The ISO is set by the Pentax P3 electronically. This is a change from older SLRs that use an ISO dial.

Film Latitude

Film latitude is the number of stops a film can be overexposed while still keeping tolerable photographs. Professional film emulsions have a larger latitude paired with a slightly increased cost.

Reversal film has a smaller amount of latitude when compared to negative film. That is a reason it's deemed to be challenging to work with.

Dynamic Range

The range between the shadows and highlights details of an image is described as dynamic range. Sections of an image that are not in this range will be seen as solid white overexposed highlights or completely black underexposed shadows.

A larger dynamic range is advantageous given that it helps make shooting in variable lighting conditions easier.

  • Digital cameras 14+ stops
  • Negative film up to 13 stops
  • Slide film 6-8 stops

Transparency film is regarded as difficult to use as a consequence of the constrained dynamic range. The golden hour is the prime time to shoot reversal film.

Film Type

35mm film that comes in metal canisters is used by the Pentax P3. It’s also the best-selling type of film and occasionally described as 135 film.

120 or 220 film, used with medium format cameras, is the only other film format you are going to encounter.

One of the excellent properties of film is that you can switch the film you use and get a totally different look to your photographs.

DX Coded Film

DX Encoding on a 35mm Film Canister

Most new 35mm film sold at this point has a DX code. This lets cameras to detect and set the ISO when the film canister is loaded into the camera.

The ISO on the Pentax P3 will be set automatically.
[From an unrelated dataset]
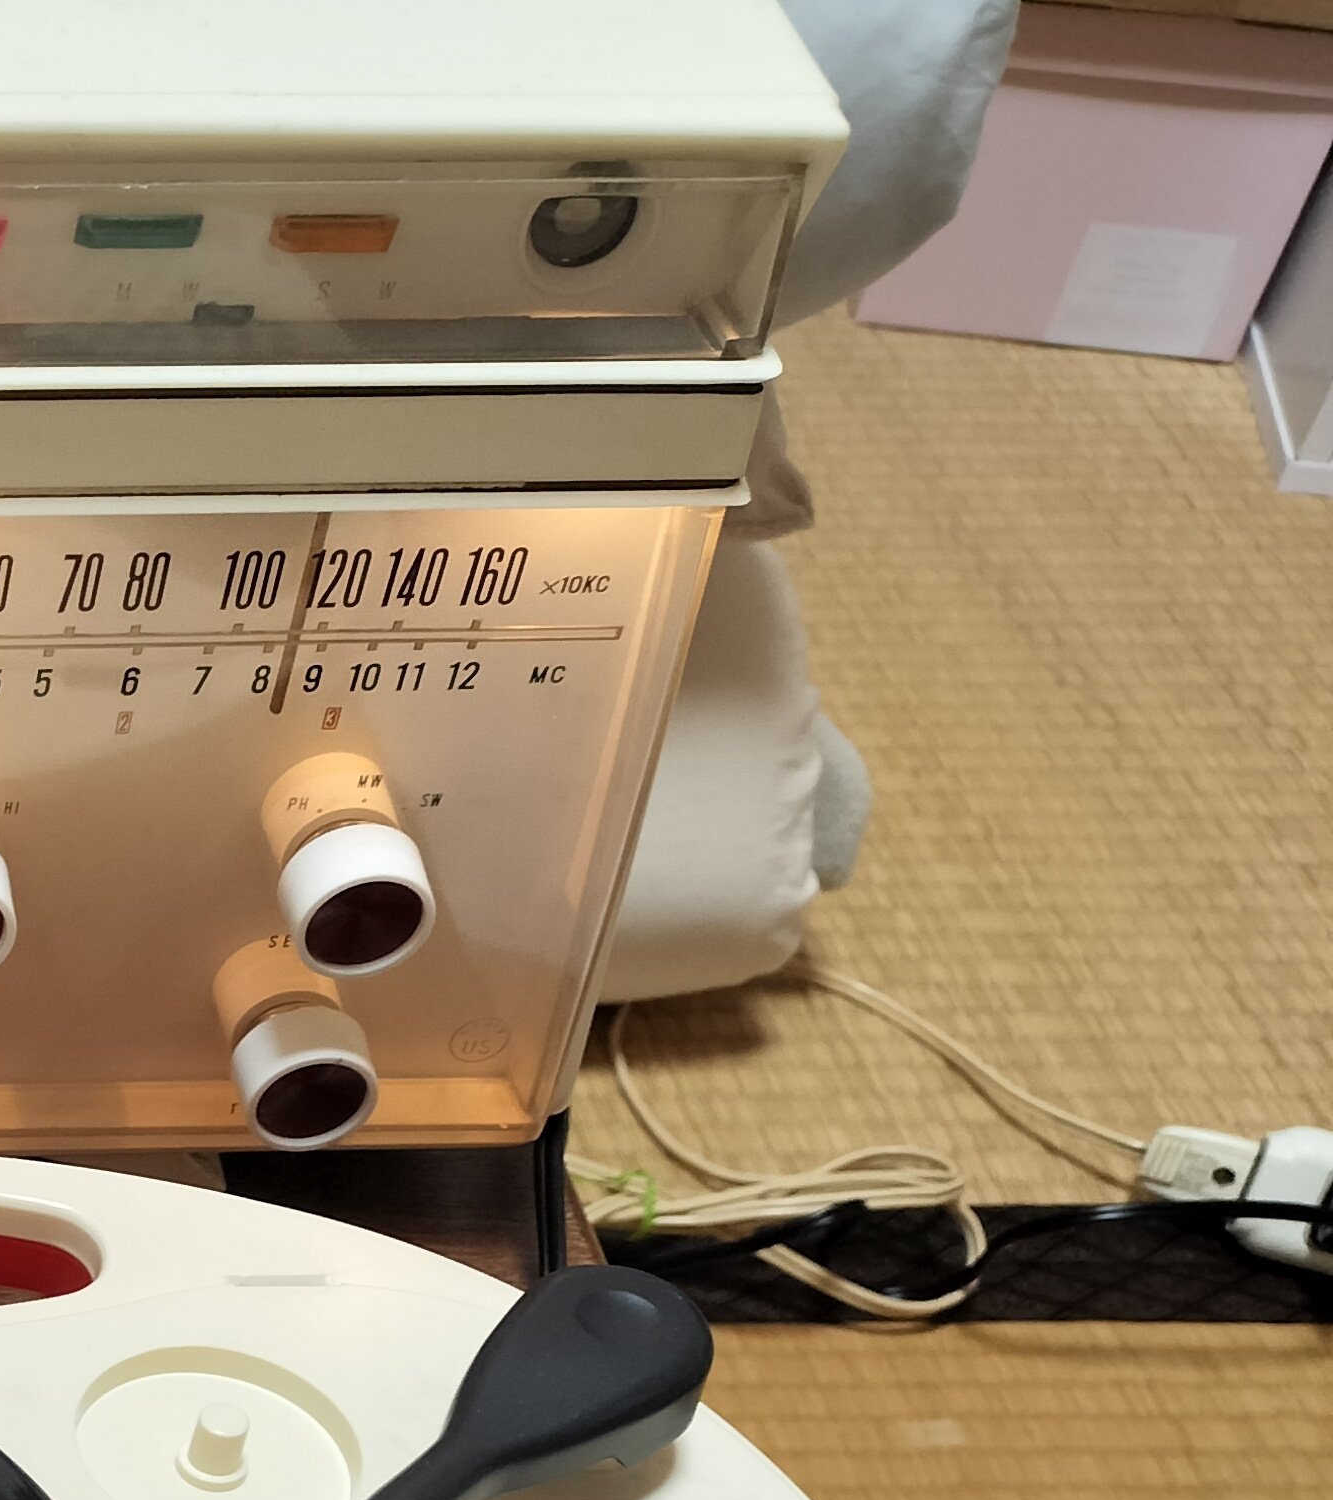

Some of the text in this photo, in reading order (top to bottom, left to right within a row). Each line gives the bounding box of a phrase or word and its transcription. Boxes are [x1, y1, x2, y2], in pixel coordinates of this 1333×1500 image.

This is due to the fact that the camera has electronics to read the DX-coding on film canisters.

Pentax P3 Resources

Where to Get Film Developed?

There are a handful of possible choices for where to process 35mm film. For a more in-depth explanation of the possible choices read my article on Where to Develop Film.

WARNING: Film doesn't get processed locally at big box stores and pharmacies. They send film away to be processed by a separate company. Because of this, you will not get your processed negatives back.

  1. Develop Film at Home
  2. Use a Local Photography Lab
  3. Use a Mail Order Photo Lab
  4. Pharmacy or Big Box Store

The most convenient method and the method I suggest doing if you're just getting started using film is to mail your film to a photo lab to be processed and scanned. A disadvantage of this is that it will get really expensive if you are regularly using film.

Assuming that you are using a moderate to high-volume of film, there are a few activities that you are able to do to lower your costs.

Bulk Loading Film

Ordering a roll of 100 feet of film and loading it into canisters by hand is considered one of the most well-known options to cut costs.

A 100-foot roll should load typically around 18 canisters of film containing 36 exposures. Count on savings of 20-30% based on the film.

Bear in mind that you're limited to 100-foot rolls of black and white film. This is in part because black & white film is less difficult and more cost-effective to process yourself.

Home Developing and Scanning

Any film can be processed by hand. It's an intelligent option to spend less so you can use more film with your Pentax P3.

Black and white film is significantly less difficult to develop. Chemical temperature and development times are not as imperative to do correctly with black & white films as temperatures and time are for color negative or slide film.